Mental Health - History

History

See also: History of mental disorders

In the mid-19th century, William Sweetzer was the first to clearly define the term "mental hygiene", which can be seen as the precursor to contemporary approaches to work on promoting positive mental health. Isaac Ray, one of thirteen founders of the American Psychiatric Association, further defined mental hygiene as an art to preserve the mind against incidents and influences which would inhibit or destroy its energy, quality or development.

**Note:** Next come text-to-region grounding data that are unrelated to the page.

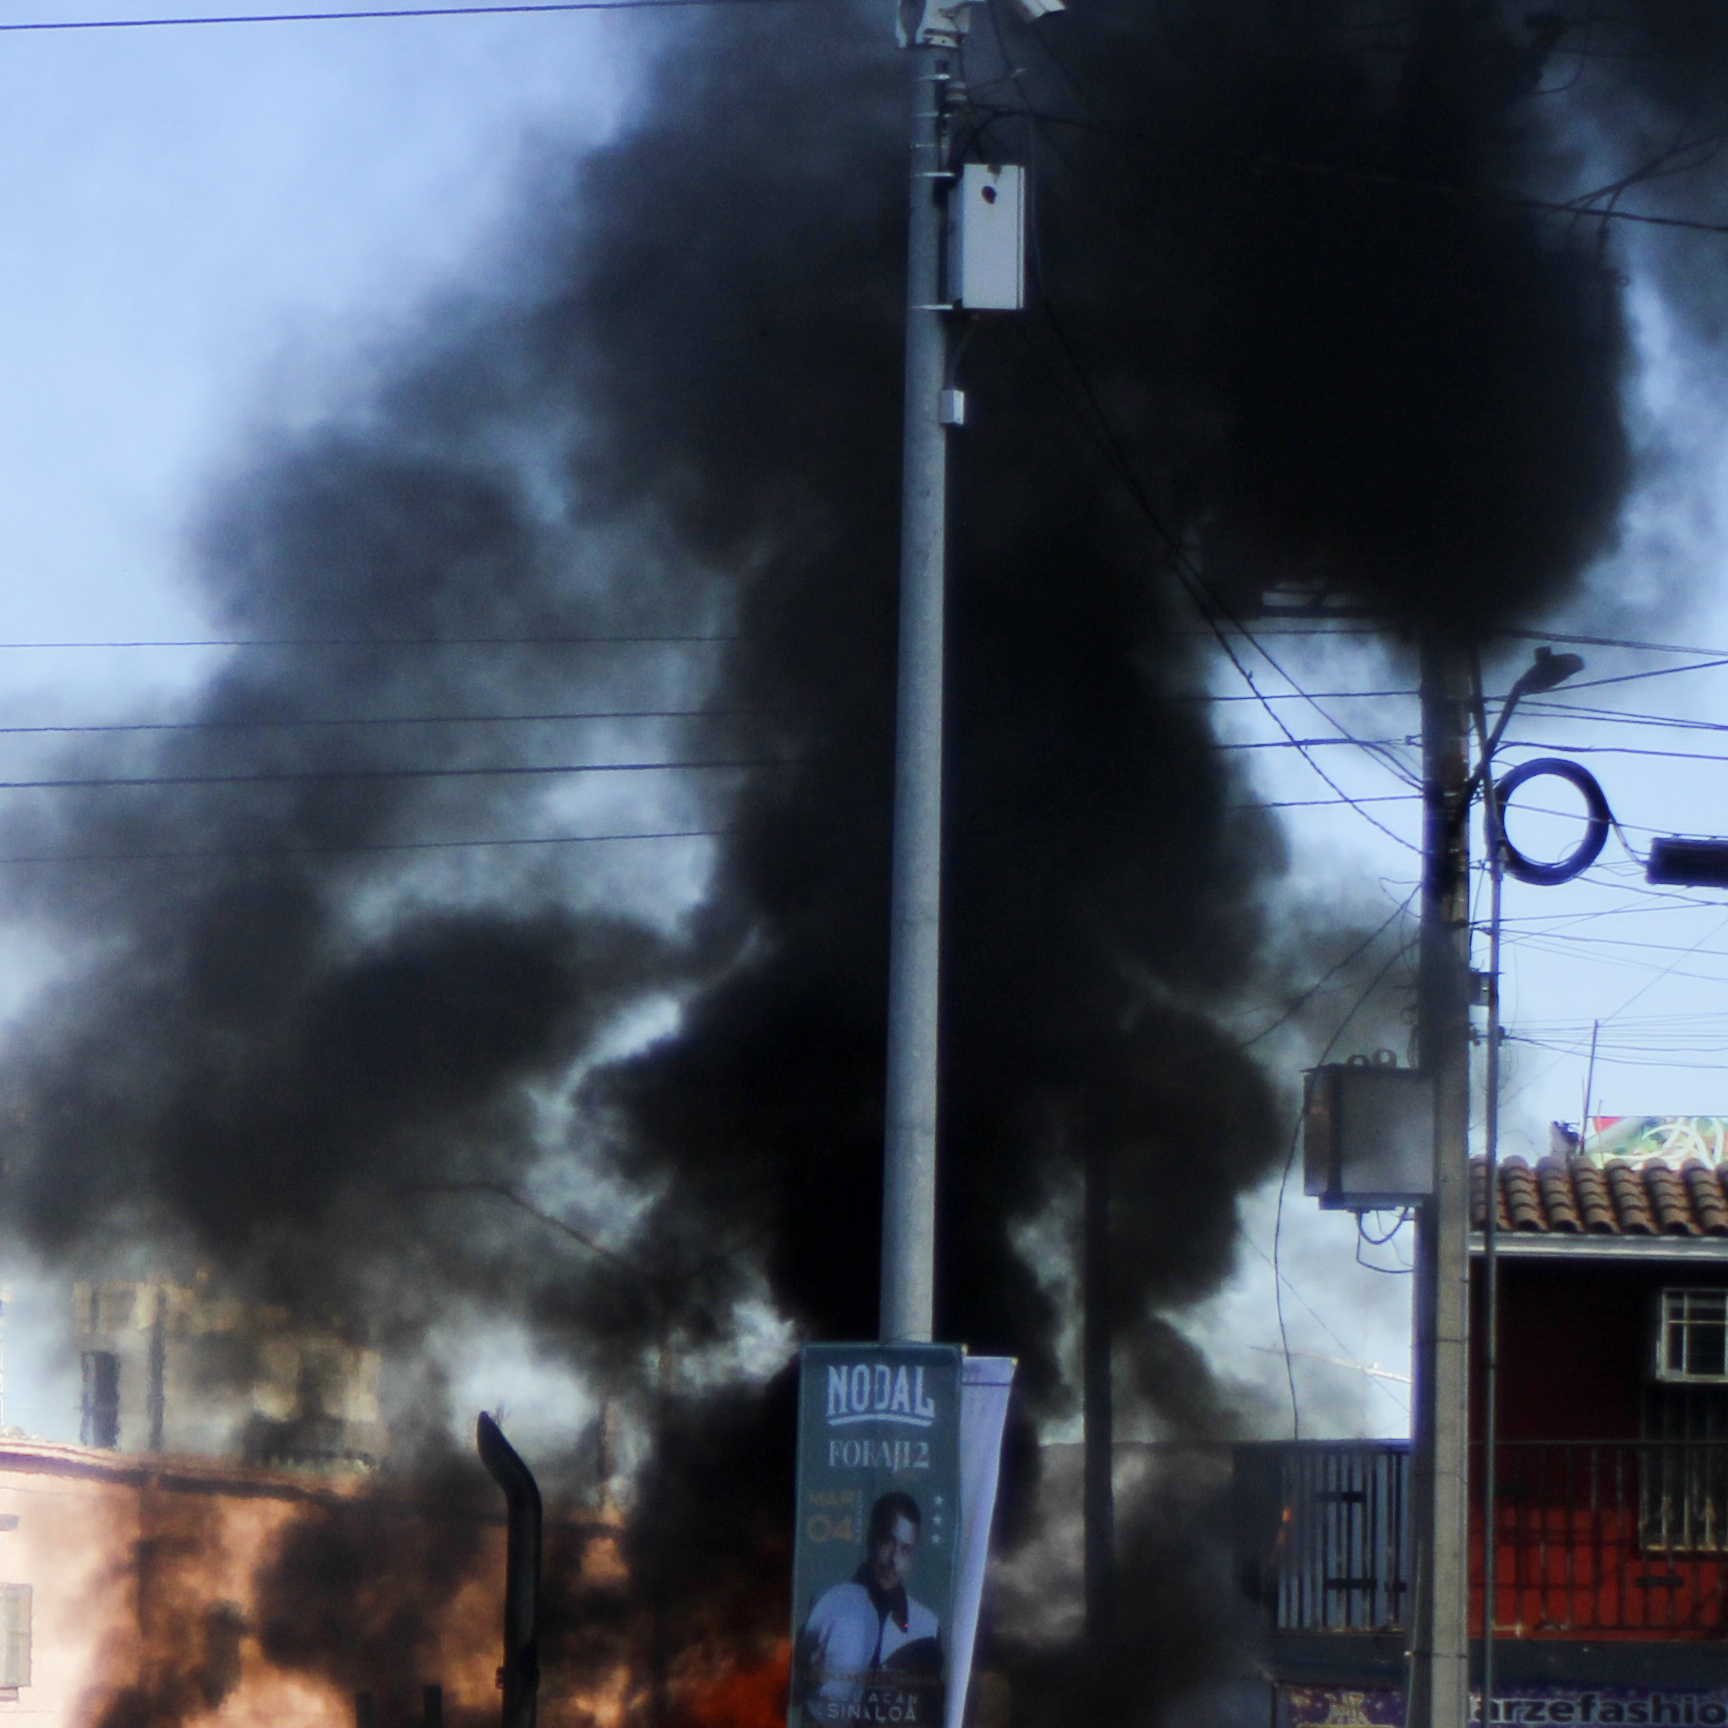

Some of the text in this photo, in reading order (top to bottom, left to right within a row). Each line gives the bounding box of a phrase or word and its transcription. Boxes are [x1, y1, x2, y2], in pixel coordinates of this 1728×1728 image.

[826, 1364, 936, 1419] NODAL
[806, 1513, 854, 1542] 04
[828, 1702, 917, 1722] SINALOA
[1471, 1693, 1728, 1726] arzefashio
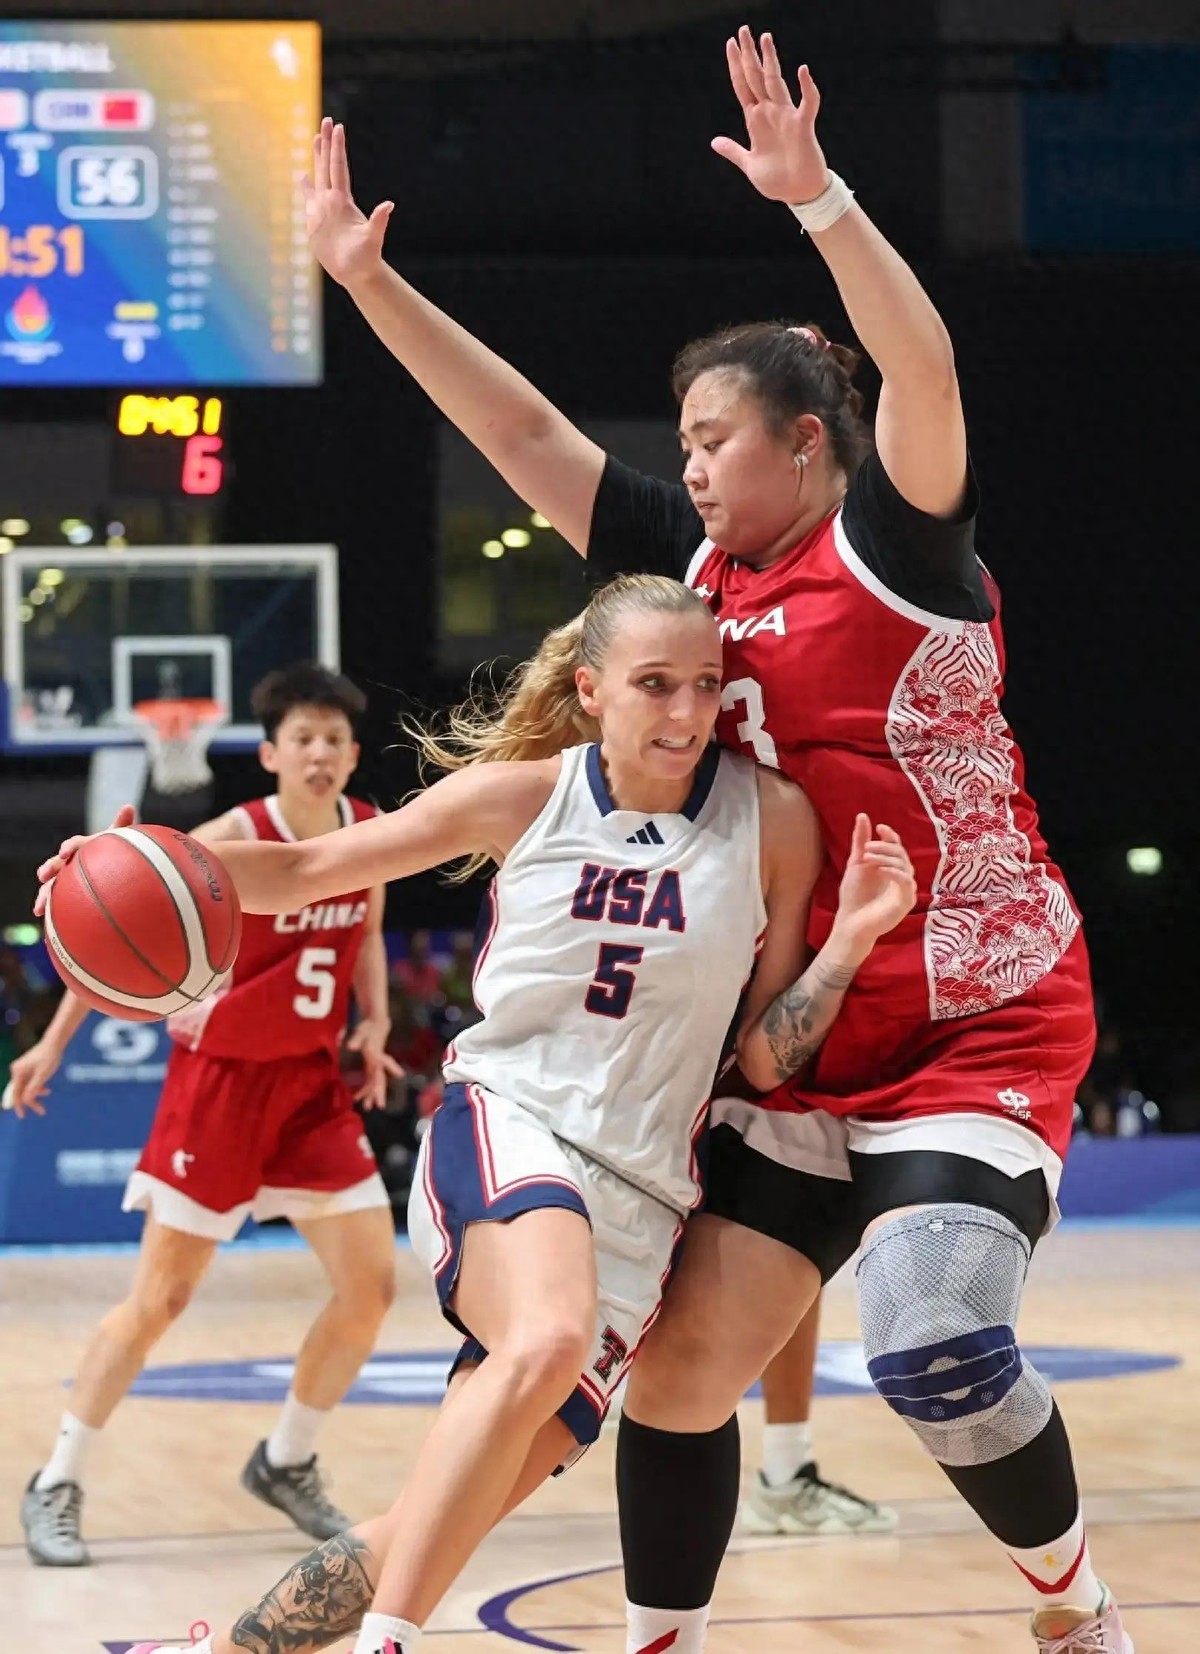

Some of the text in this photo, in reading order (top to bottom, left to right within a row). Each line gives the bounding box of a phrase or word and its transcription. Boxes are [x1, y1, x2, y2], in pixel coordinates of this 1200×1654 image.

An important figure to "mental hygiene", would be Dorothea Dix (1802–1887), a school teacher, who had campaigned her whole life in order to help those suffering of a mental illness, and to bring to light the deplorable conditions which they were put it in. This was known as the "mental hygiene movement". Before this movement, it was not uncommon that people affected by mental illness in the 19th century would be considerably neglected, often left alone in deplorable conditions, barely even having sufficient clothing. Dix's efforts were so great that there was a rise in the number of patients in mental health facilities, which sadly resulted in these patients receiving less attention and care, as these institutions were largely understaffed.

At the beginning of the 20th century, Clifford Beers founded the National Committee for Mental Hygiene and opened the first outpatient mental health clinic in the United States of America.

The mental hygiene movement, also known as the social hygiene movement, had at times been associated with advocating eugenics and sterilisation of those considered too mentally deficient to be assisted into productive work and contented family life.